> Working data:
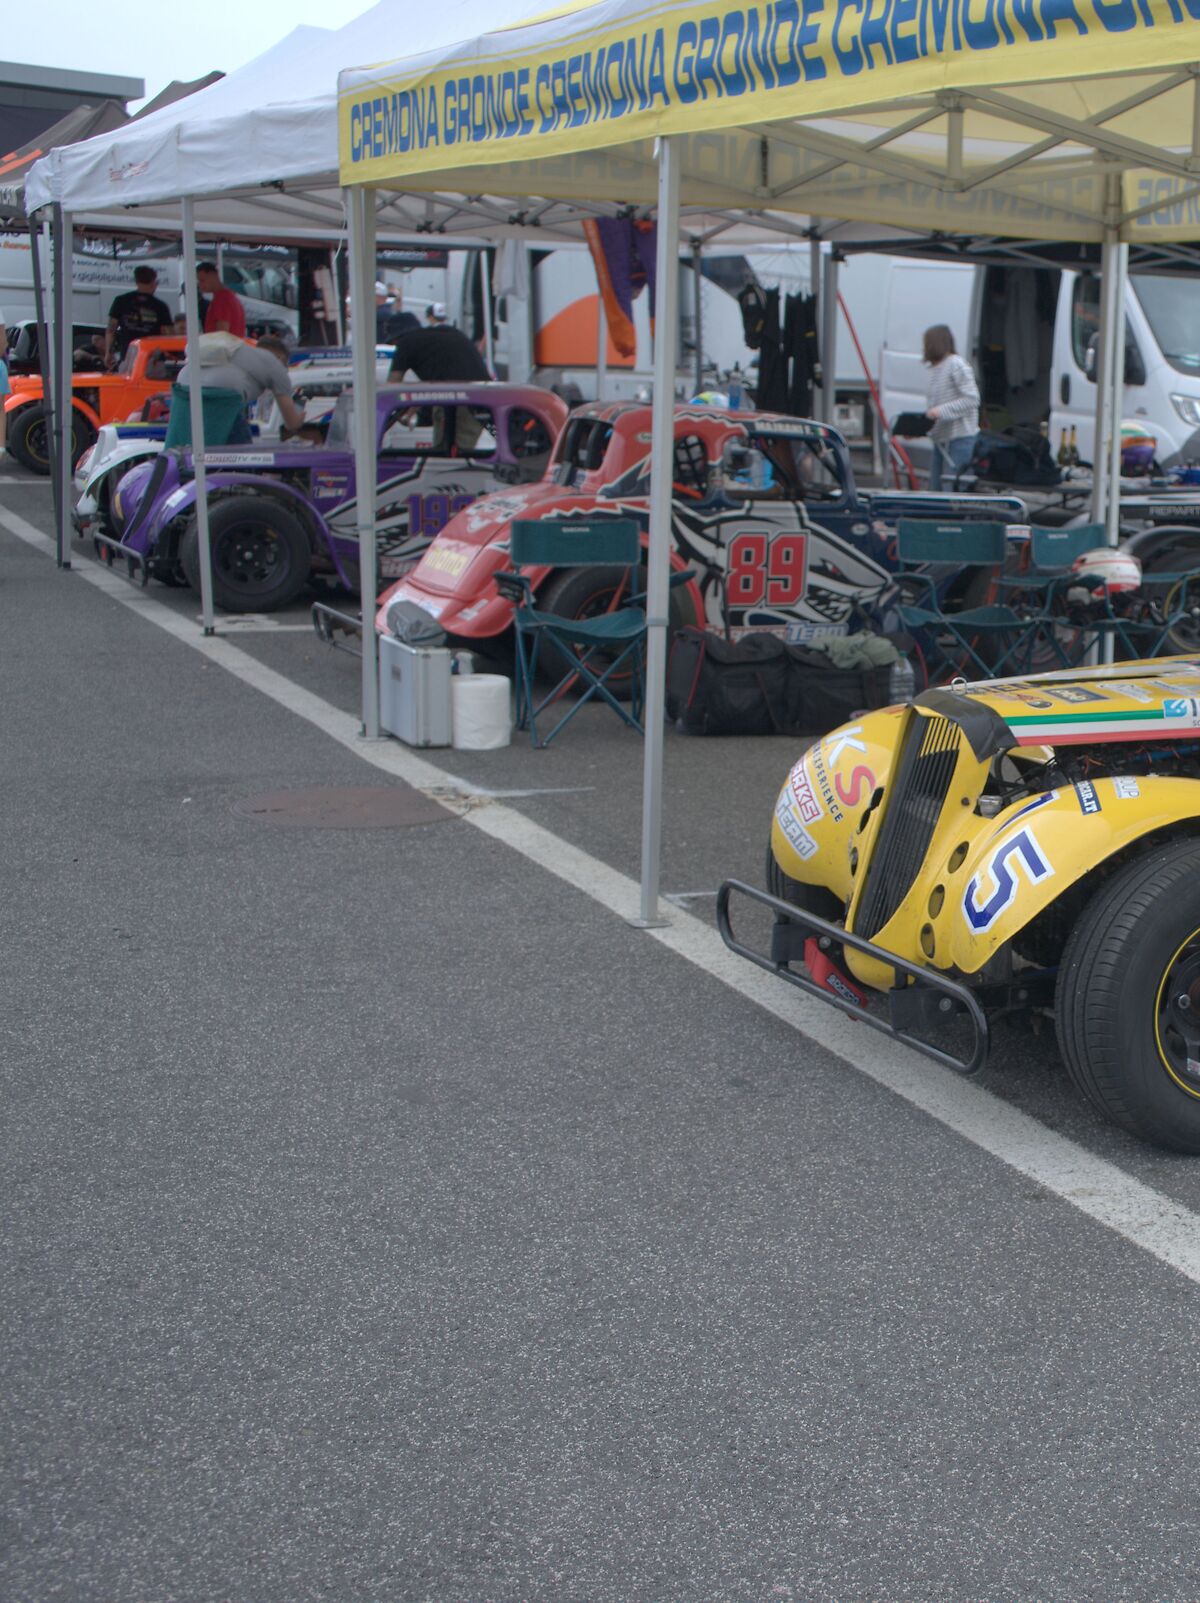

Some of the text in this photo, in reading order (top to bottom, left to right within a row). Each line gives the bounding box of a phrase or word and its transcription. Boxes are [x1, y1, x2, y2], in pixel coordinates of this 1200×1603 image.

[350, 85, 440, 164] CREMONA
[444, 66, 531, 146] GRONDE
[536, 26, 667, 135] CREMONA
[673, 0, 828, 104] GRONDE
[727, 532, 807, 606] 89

> Instructions to follow: Only the text of the records belongs in your answer, copied exactly as it appears above.

> Answer below:
Some of the text in this photo, in reading order (top to bottom, left to right within a row). Each line gives the bounding box of a phrase or word and its transcription. Boxes are [x1, y1, x2, y2], in pixel coordinates of this 1200×1603 image.

[350, 85, 440, 164] CREMONA
[444, 66, 531, 146] GRONDE
[536, 26, 667, 135] CREMONA
[673, 0, 828, 104] GRONDE
[727, 532, 807, 606] 89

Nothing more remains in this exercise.